Incorporation of labeled dCMP and dTMP into the repair patch produced during LP BER of the THF-containing plasmid. The repair reaction was performed with THF-containing plasmid, pUN2 and MEF extract. The reaction conditions and product analyses were as described under ‘Materials and Methods section’. (A) BER reaction was performed in a10 μl reaction mixture that contained 20 nM pUN2, 10 μg MEF extract and either ³²P-dCTP (lanes 1and 2) or ³²P-dTTP (lanes 3 and 4). Incubation was for 30 min at 37°C. The reaction products were analyzed as in Figure 3. The restriction enzymes used are shown at the top of the PhosphorImager panel. The description of each radiolabeled band is indicated on both sides of the image. (B) Quantification of total BER (41-mer), SN BER (25-mer) and LP BER (16-mer) is shown in a bar graph. A small portion of each reaction was spotted on the gel filter for calculations of incorporation of ³²P-dCMP or ³²P-dTMP in DNA. The band intensity of each radiolabeled DNA fragment, 41-, 25- and 16-mer, was measured in terms of arbitrary PhosphorImager units and then converted into relative dCMP or dTMP incorporation. The experiments were repeated three times, and the PhosphorImage of a representative experiment is shown. (C) The positions of dCMP (filled circle) or dTMP (cross) incorporation in the 41-, 25- and 16-mer fragments, and the restriction sites are indicated.

Figure 7.

Restriction analysis and quantification of dCMP incorporation into the repair patch produced during LP BER in MEF extract.
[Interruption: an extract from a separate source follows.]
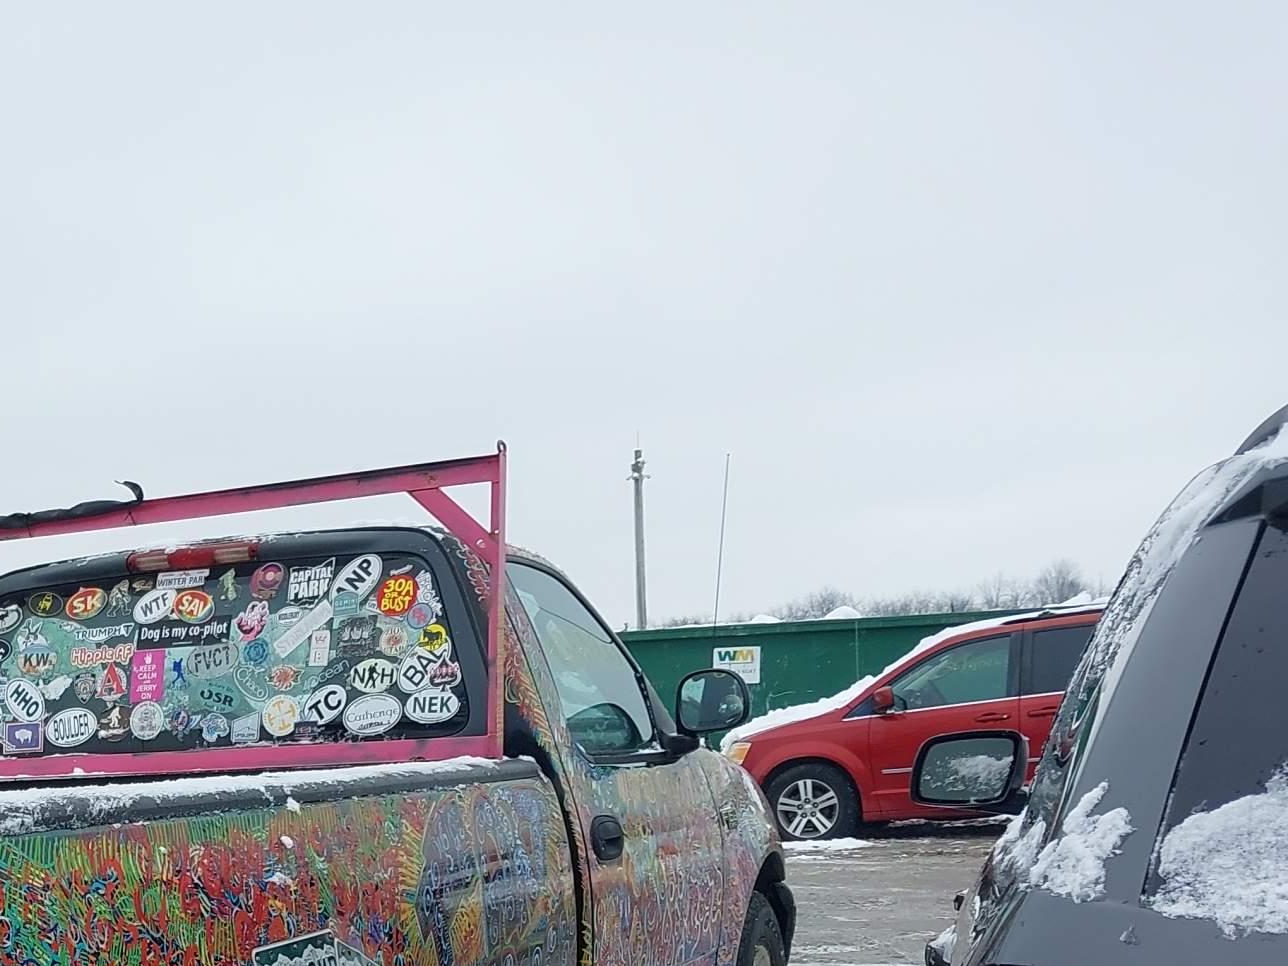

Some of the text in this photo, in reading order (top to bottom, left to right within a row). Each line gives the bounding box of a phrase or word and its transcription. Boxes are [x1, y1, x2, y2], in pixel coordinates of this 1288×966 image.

The repair reaction was performed with THF-containing plasmid, pUN2 and MEF extract. (A) BER reaction was performed in a 10 μl reaction mixture that contained 20 nM pUN2, 10 μg MEF extract, and ³²P-dCTP. Incubation was for 30 min at 37°C. The reaction products were analyzed as in Figure 3. The restriction enzymes used are shown at the top of the PhosphorImager panel. The positions of the restricted DNA fragments are indicated on the left-hand side of the image. (B) DNA fragment sizes and description of DNA synthesis products are indicated. Sites of dCMP incorporation (filled circle) in the repair patch are indicated. (C) The incorporation of dCMP (%) in different BER fragments was plotted in a bar diagram. Conversion of arbitrary PhosphorImager units into dCMP incorporation was performed as in Figure 6. The experiments were repeated three times, and the PhosphorImage of a representative experiment is shown.